EXCERPT: “In marine mammals that never venture ashore, such as whales, naked skin facilitates long-distance swimming and diving by reducing drag on the skin’s surface. To compensate for the lack of external insulation, these animals have blubber under the skin. In contrast, semiaquatic mammals—otters, for example—have dense, waterproof fur that traps air to provide positive buoyancy, thus decreasing the effort needed to float. This fur also protects their skin on land.”

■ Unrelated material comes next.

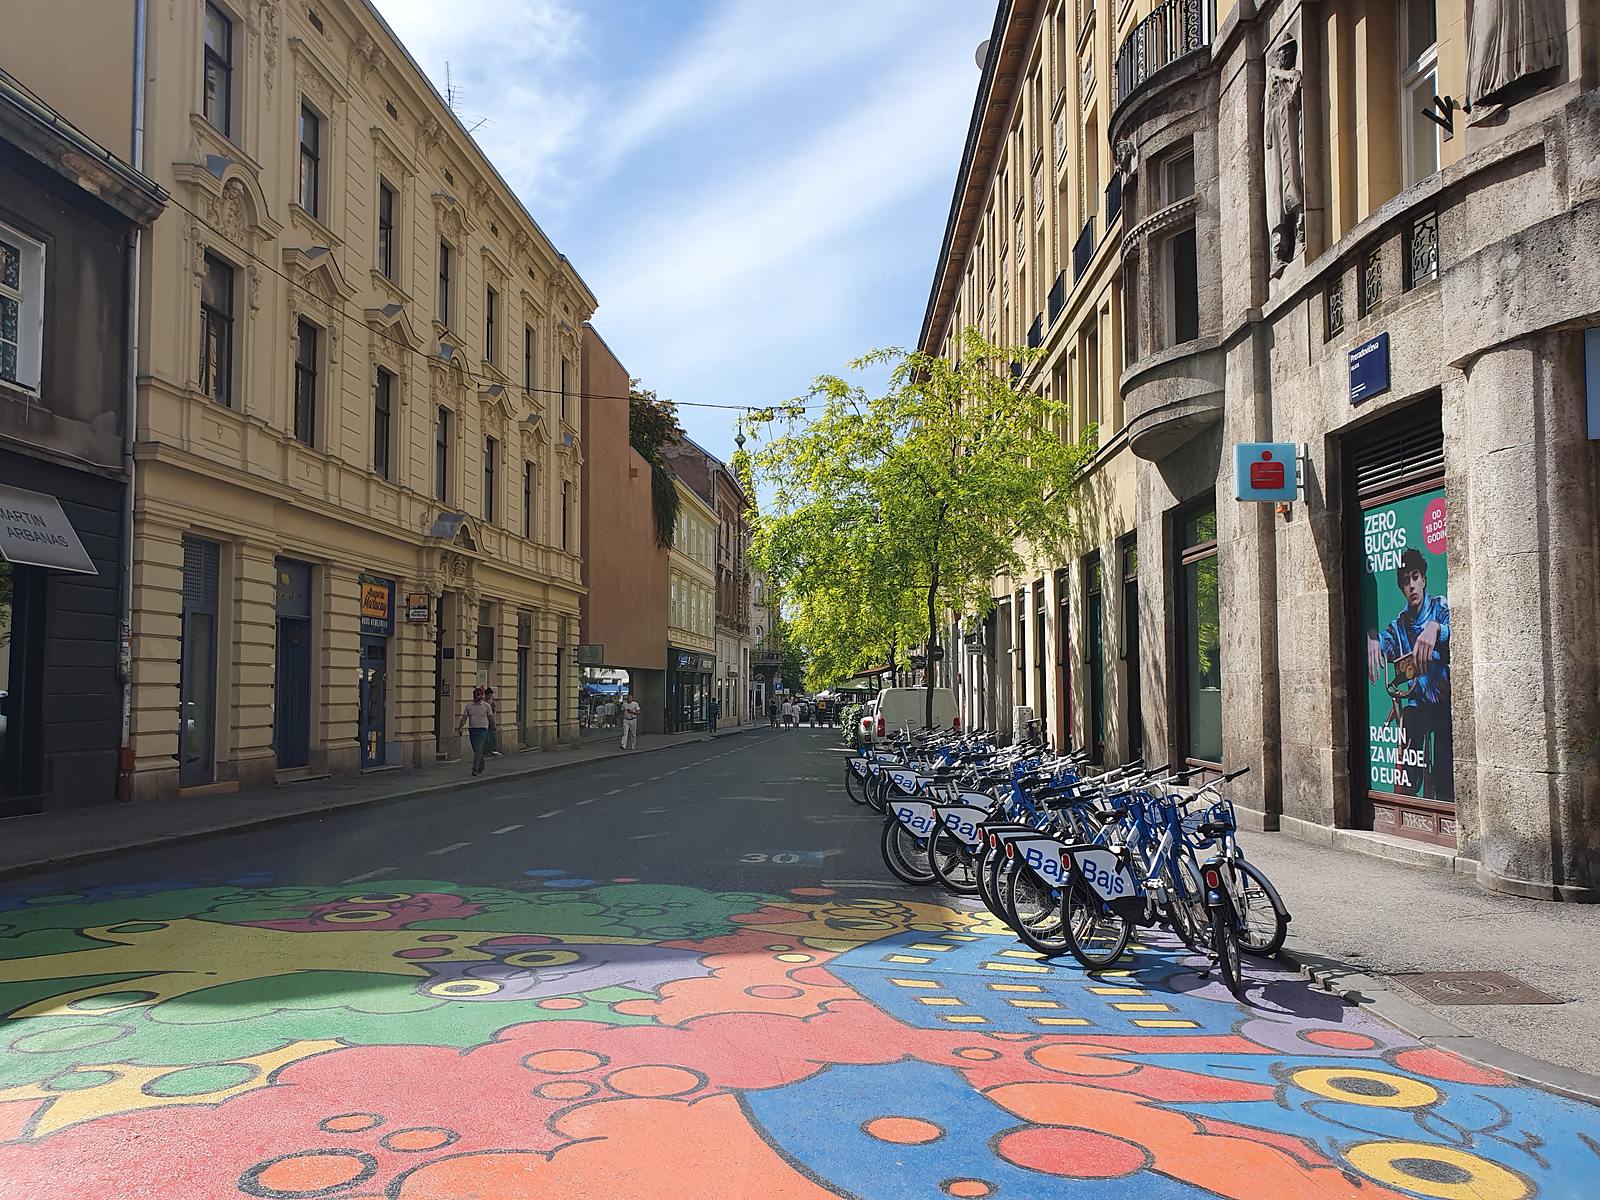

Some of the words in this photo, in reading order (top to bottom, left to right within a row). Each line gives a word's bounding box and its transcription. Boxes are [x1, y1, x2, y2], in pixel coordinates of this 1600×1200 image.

“The largest terrestrial mammals—namely, elephants, rhinoceroses and hippopotamuses—also evolved naked skin because they are at constant risk of overheating. The larger an animal is, the less surface area it has relative to overall body mass and the harder it is for the creature to rid its body of excess heat. (On the flip side, mice and other small animals, which have a high surface-to-volume ratio, often struggle to retain sufficient heat.) During the Pleistocene epoch, which spans the time between two million and 10,000 years ago, the mammoths and other relatives of modern elephants and rhinoceroses were “woolly” because they lived in cold environments, and external insulation helped them conserve body heat and lower their food intake. But all of today’s mega herbivores live in sweltering conditions, where a fur coat would be deadly for beasts of such immense proportions.”

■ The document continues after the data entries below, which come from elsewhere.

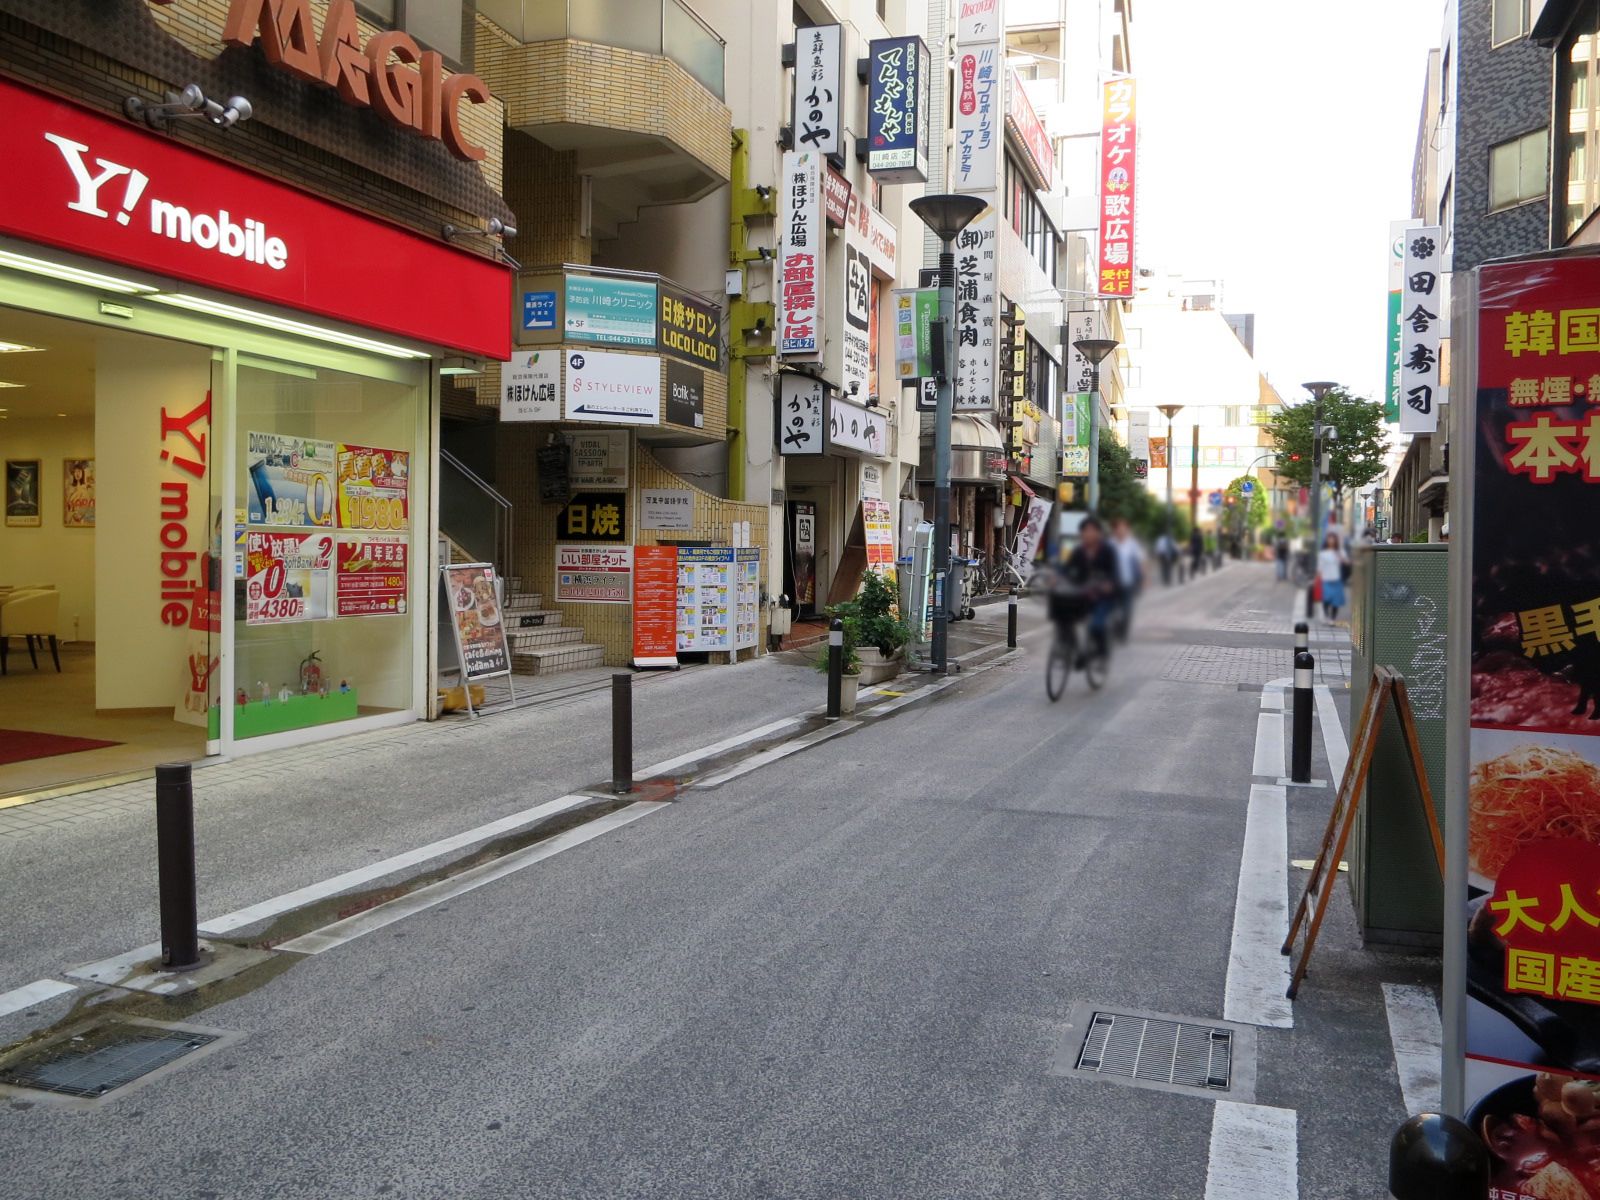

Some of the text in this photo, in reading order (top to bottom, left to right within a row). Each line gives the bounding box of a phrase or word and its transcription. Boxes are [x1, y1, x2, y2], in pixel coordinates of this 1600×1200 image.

[974, 22, 987, 34] 7F
[222, 0, 491, 161] MAGIC
[963, 57, 973, 112] やせる教室
[977, 50, 996, 150] 川崎プロポーション
[799, 86, 833, 148] かのや
[960, 129, 974, 182] アカデミー
[1104, 81, 1132, 265] カラオケ 歌広場
[44, 132, 288, 270] Y! mobile
[1101, 269, 1131, 280] 受付
[1102, 281, 1131, 293] 4F
[592, 296, 653, 310] 川崎クリニック
[662, 296, 717, 338] 日焼サロン
[783, 253, 815, 339] お部屋探しは
[575, 320, 584, 328] 5F
[1403, 271, 1437, 415] 田舎寿司
[571, 358, 584, 367] 4F
[587, 381, 654, 395] STYLEVIEW
[784, 394, 811, 449] かのや
[830, 406, 876, 449] かのや
[160, 390, 212, 627] Y! mobile
[348, 496, 403, 530] 1980
[567, 503, 620, 535] 日焼
[263, 558, 286, 598] 0
[284, 556, 312, 569] SoftBank
[561, 553, 627, 565] いい部屋ネット
[260, 599, 298, 619] 4380
[1491, 884, 1600, 937] 大人
[1508, 947, 1600, 1002] 国産
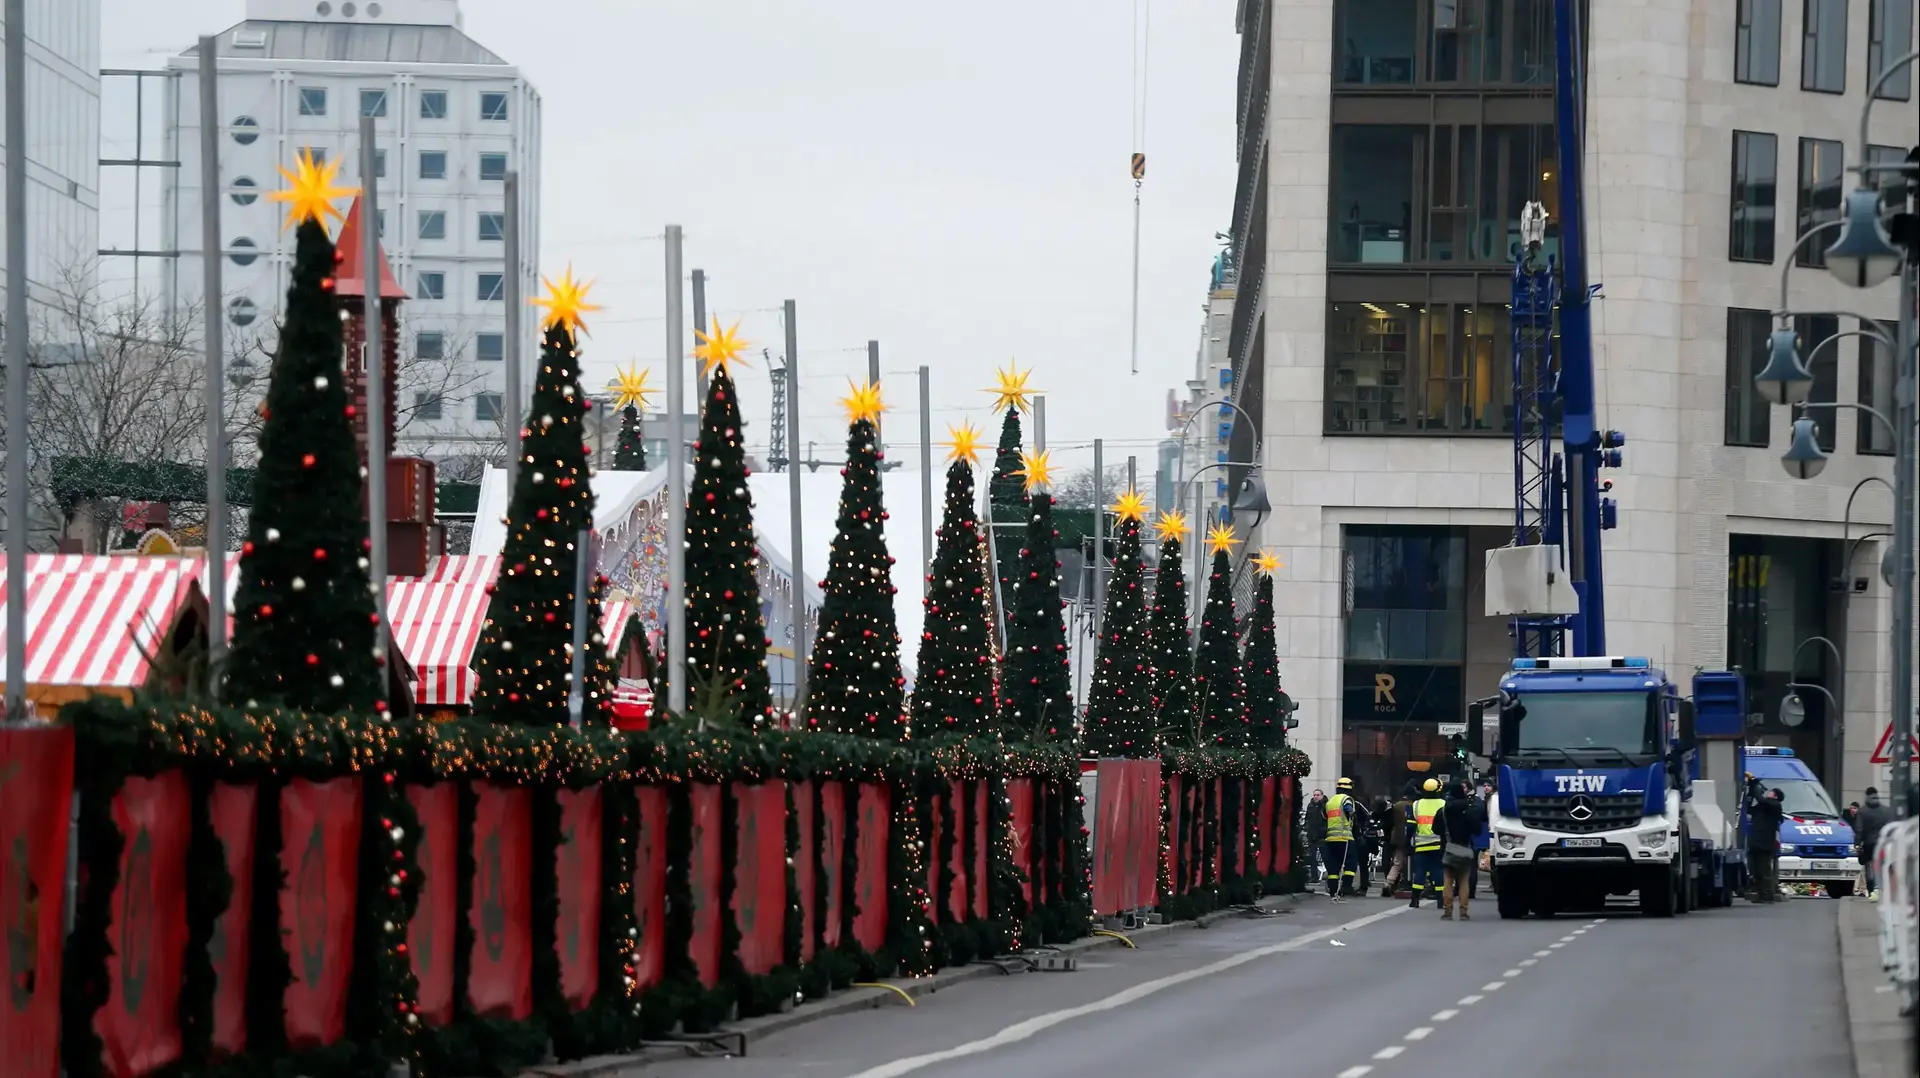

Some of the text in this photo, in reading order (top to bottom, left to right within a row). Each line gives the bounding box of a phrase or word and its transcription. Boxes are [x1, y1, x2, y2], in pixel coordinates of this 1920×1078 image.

[1375, 674, 1396, 703] R
[1555, 775, 1607, 792] THW
[1795, 826, 1833, 835] THW

“Human hairlessness is not an evolutionary adaptation to living underground or in the water—the popular embrace of the so-called aquatic ape hypothesis notwithstanding [see box on page 26]. Neither is it the result of large body size. But our bare skin is related to staying cool, as our superior sweating abilities suggest.”

EXCERPT: “Studies conducted independently by Lieberman and Christopher Ruff of Johns Hopkins University have shown that by about 1.6 million years ago an early member of our genus called Homo ergaster (label applied to Homo erectus in Africa) had evolved essentially modern body proportions, which would have permitted prolonged walking and running. Moreover, details of the joint surfaces of the ankle, knee and hip make clear that these hominids actually exerted themselves in this way. Thus, according to the fossil evidence, the transition to naked skin and an eccrine-based sweating system must have been well under way by 1.6 million years ago to offset the greater heat loads that accompanied our predecessors’ newly strenuous way of life.”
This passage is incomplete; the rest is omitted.